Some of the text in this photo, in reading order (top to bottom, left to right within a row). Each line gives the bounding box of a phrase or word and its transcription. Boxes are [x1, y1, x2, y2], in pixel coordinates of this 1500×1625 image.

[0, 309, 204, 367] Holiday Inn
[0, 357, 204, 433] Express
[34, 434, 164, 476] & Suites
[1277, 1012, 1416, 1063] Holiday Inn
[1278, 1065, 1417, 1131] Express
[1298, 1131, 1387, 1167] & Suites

Work to be completed:
Your job is to give the listing again exactly as it was written.

Answer space:
Some of the text in this photo, in reading order (top to bottom, left to right within a row). Each line gives the bounding box of a phrase or word and its transcription. Boxes are [x1, y1, x2, y2], in pixel coordinates of this 1500×1625 image.

[0, 309, 204, 367] Holiday Inn
[0, 357, 204, 433] Express
[34, 434, 164, 476] & Suites
[1277, 1012, 1416, 1063] Holiday Inn
[1278, 1065, 1417, 1131] Express
[1298, 1131, 1387, 1167] & Suites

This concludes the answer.